Over a 2 week period, for one of my sites BrowserFrame, Umami reported roughly 25% more visitors and 20% more page views than Google Analytics. BrowserFrame actually gets most of it’s traffic from China, which I figured would be blocking Google Analytics, but that doesn’t really seem to be the case.

umami umami

Example 2: AwardFares

I wrote this blog post as I was adding Umami to another one of my sites, AwardFares (hence the short comparison period). Again, Umami reported roughly 25% more visitors than Google Analytics.

However, the large discrepancy in page views is most likely due to the fact that this site uses dynamically updated page URLs in some places (which umami seems to count, but Google Analytics does not).

umami umami

There’s clearly one exception though, namely, Hacker News traffic. Last month, my blog (which normally barely gets any traffic) reached the front page, and the discrepancy here was much larger, Umami reported roughly double the traffic compared to Google Analytics.

umami umami

I guess this makes sense, a tech-savvy audience is more likely to be running an ad/tracking blocker. The moral of the story is, understand your audience.

Final thoughts

I think Umami is a great compliment to other analytics tools, and I could even see myself switching over to it completely and removing Google Analytics in the future.

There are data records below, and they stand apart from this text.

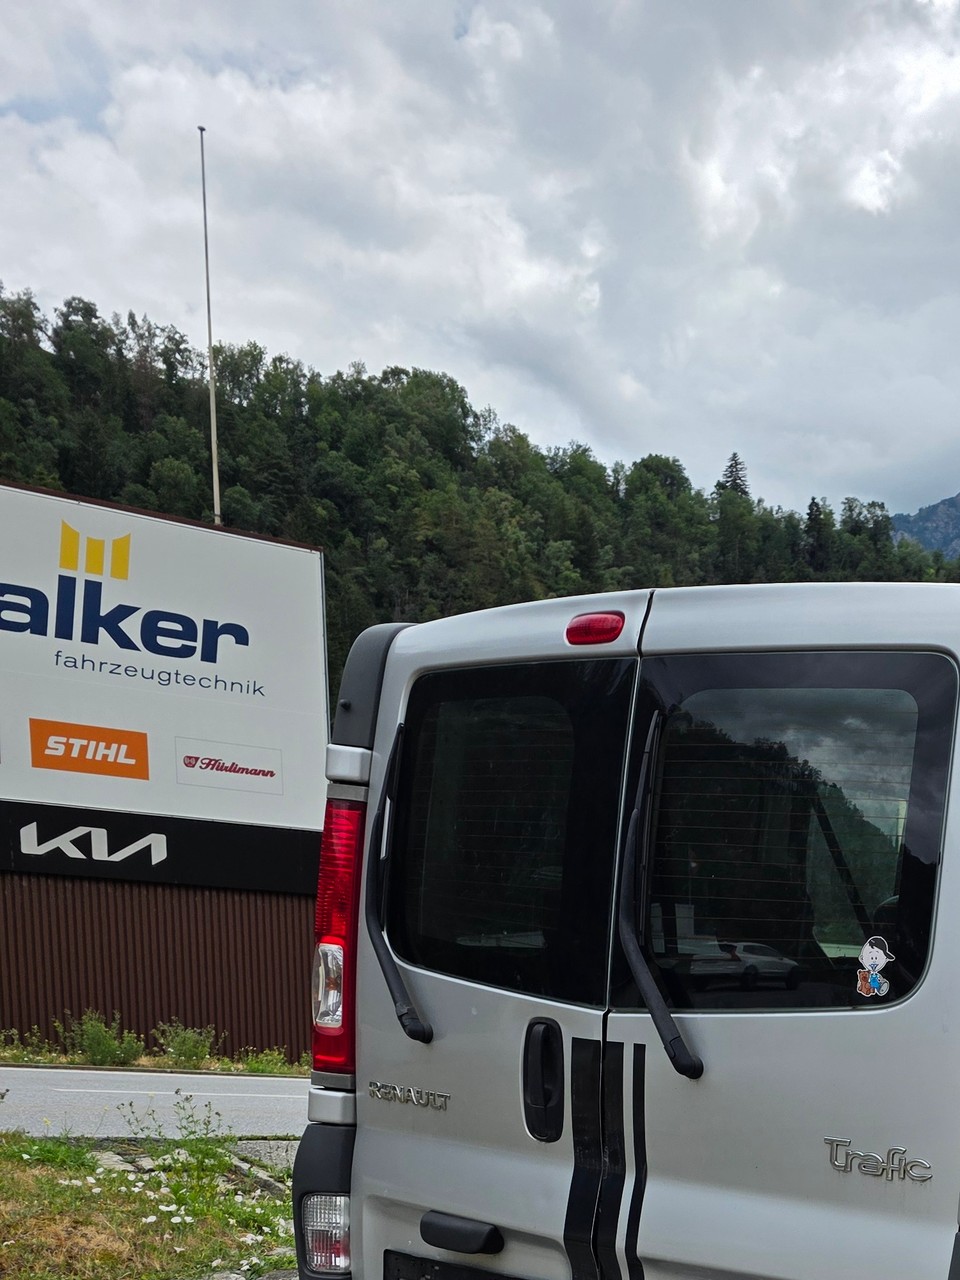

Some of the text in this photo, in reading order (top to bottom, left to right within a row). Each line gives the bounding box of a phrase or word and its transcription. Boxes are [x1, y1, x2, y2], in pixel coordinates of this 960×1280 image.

[55, 650, 266, 697] fahrzeugtechnik
[44, 735, 137, 766] STIHL
[368, 1081, 451, 1111] RENAULT
[824, 1136, 933, 1182] Trafic
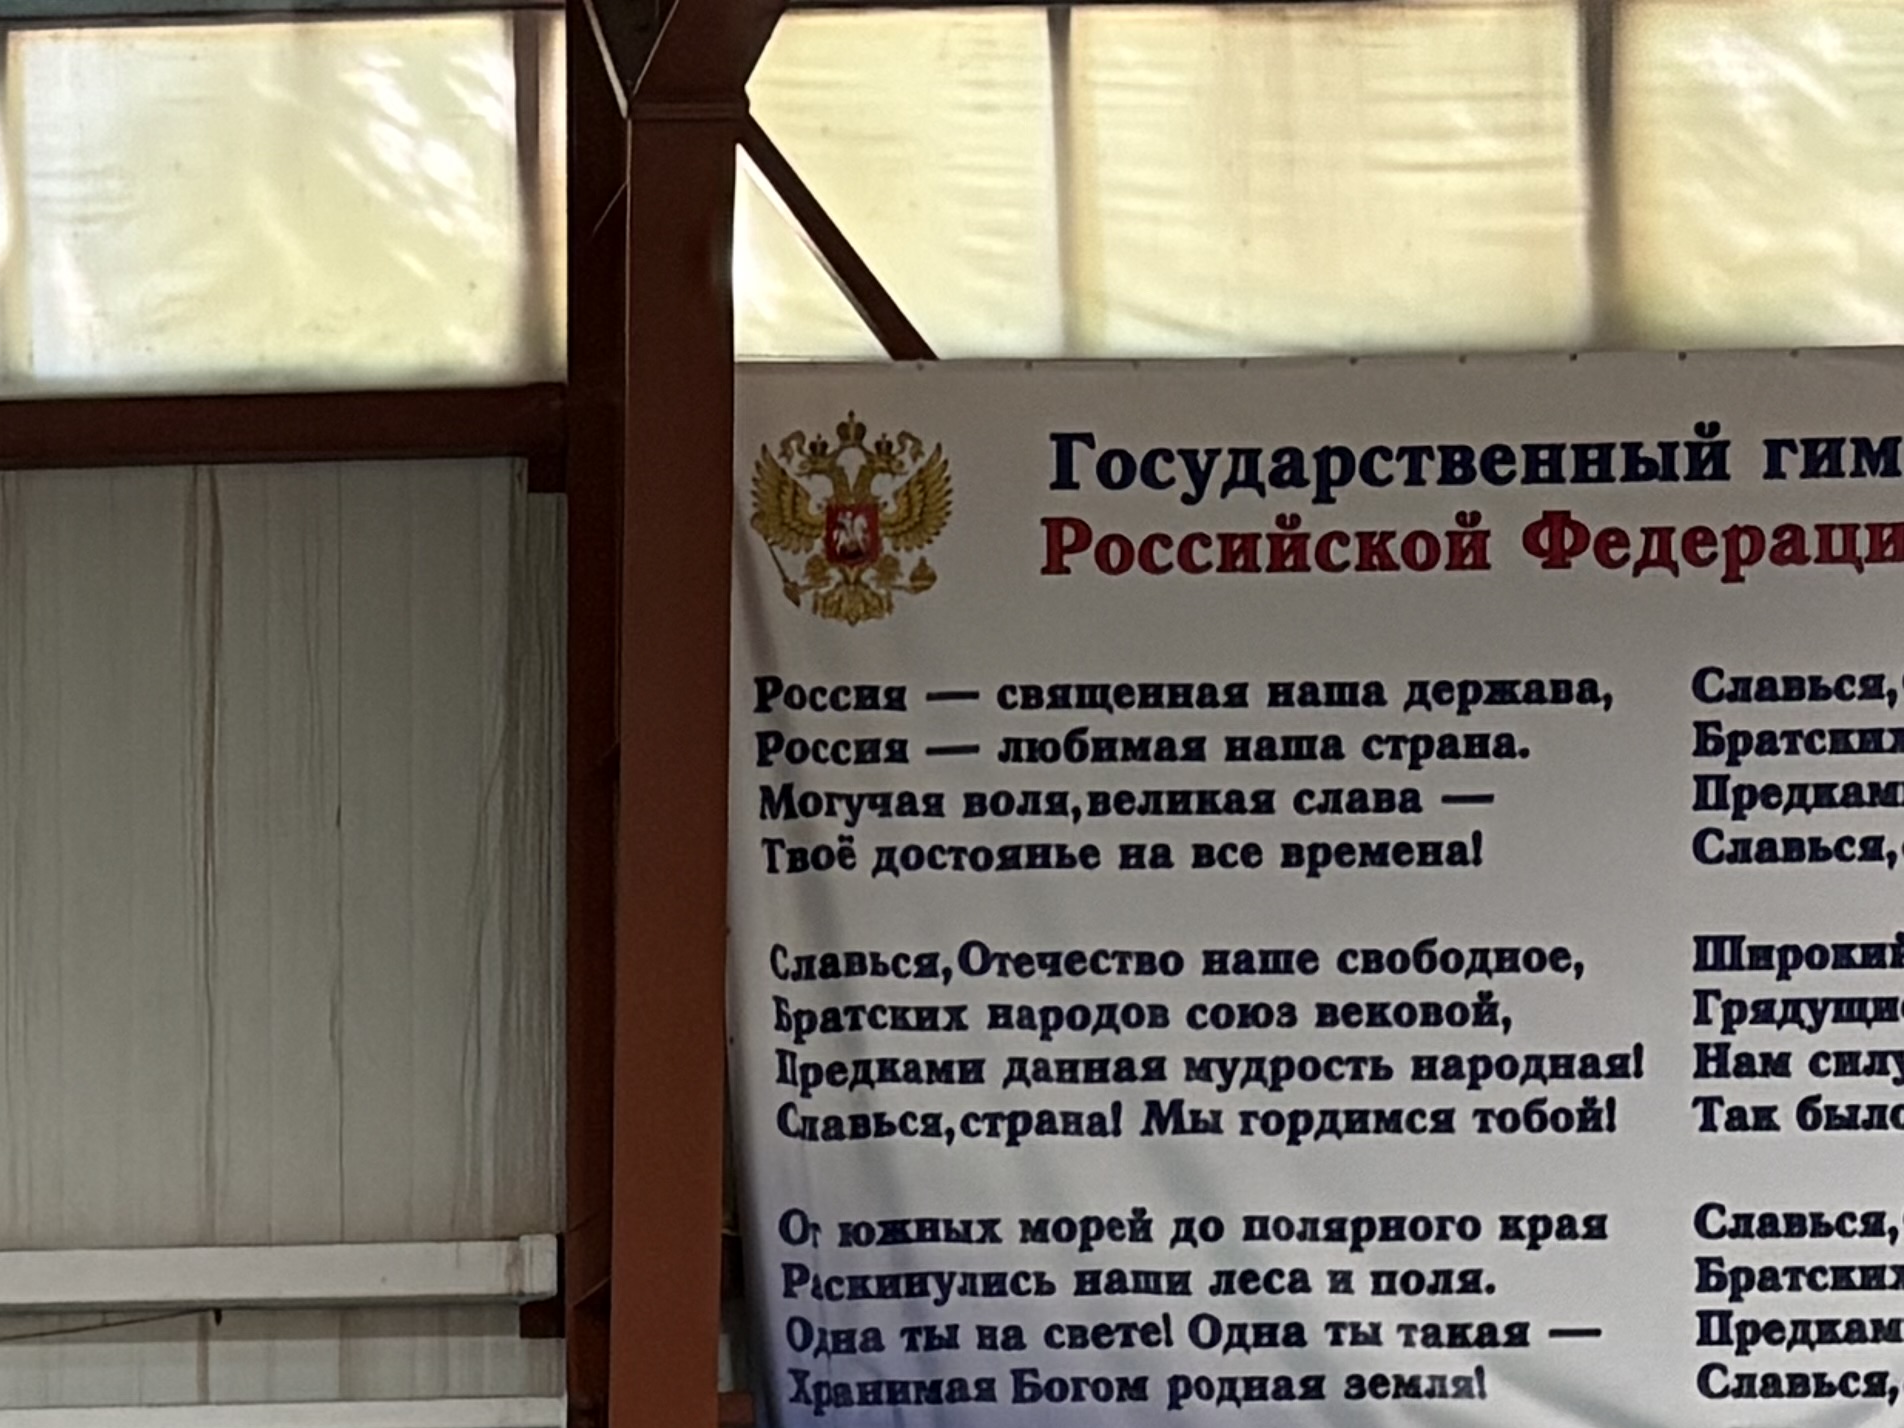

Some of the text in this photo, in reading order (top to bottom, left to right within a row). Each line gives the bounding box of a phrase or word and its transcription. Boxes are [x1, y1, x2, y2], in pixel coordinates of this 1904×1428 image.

[1049, 421, 1903, 506] Государственный гим
[1040, 510, 1904, 584] Российской Федераци
[753, 675, 907, 714] Россия
[997, 682, 1249, 715] священная
[1267, 681, 1388, 708] наша
[1403, 678, 1613, 716] держава,
[755, 730, 909, 767] Россия
[997, 726, 1207, 764] любимая
[1224, 734, 1346, 762] наша
[1362, 732, 1530, 771] страна.
[759, 781, 945, 828] Могучая
[1293, 788, 1423, 816] слава
[1692, 774, 1904, 821] Предкам
[761, 830, 1482, 879] Твоё достоянье на все времена!
[1202, 948, 1319, 976] наше
[1337, 937, 1584, 980] свободное,
[772, 990, 1512, 1045] Братских народов союз вековой,
[1693, 988, 1904, 1036] Грядущи
[775, 1042, 1644, 1099] Предками данная мудрость народная!
[1693, 1042, 1792, 1079] Нам
[1139, 1098, 1224, 1136] Мы
[1238, 1107, 1455, 1146] гордимся
[1472, 1096, 1616, 1134] тобой!
[1692, 1095, 1781, 1133] Так
[838, 1218, 1003, 1248] южных
[1019, 1207, 1153, 1253] морей
[1169, 1216, 1224, 1249] до
[1242, 1215, 1481, 1253] полярного
[1499, 1214, 1608, 1251] края
[1073, 1268, 1192, 1296] наши
[1209, 1268, 1312, 1296] леса
[1327, 1269, 1355, 1295] и
[1370, 1268, 1495, 1296] поля.
[786, 1316, 885, 1363] Одна
[900, 1324, 960, 1353] ты
[975, 1325, 1027, 1351] на
[1044, 1312, 1174, 1350] свете!
[1188, 1312, 1308, 1355] Одна
[1324, 1321, 1383, 1347] ты
[1397, 1322, 1530, 1349] такая
[787, 1365, 1487, 1417] Хранимая Богом родная земля!

For me the main benefit with Umami is simplicity. It’s easy to setup, it has all the features I need, and the analytics seems relatively accurate. Whereas, Google Analytics has become a tool that I dread having to login to…

On the other hand, as a free, open-source project, you never know what will happen in the future. At least for now the project is actively maintained, and I hope it keeps going for the foreseeable future!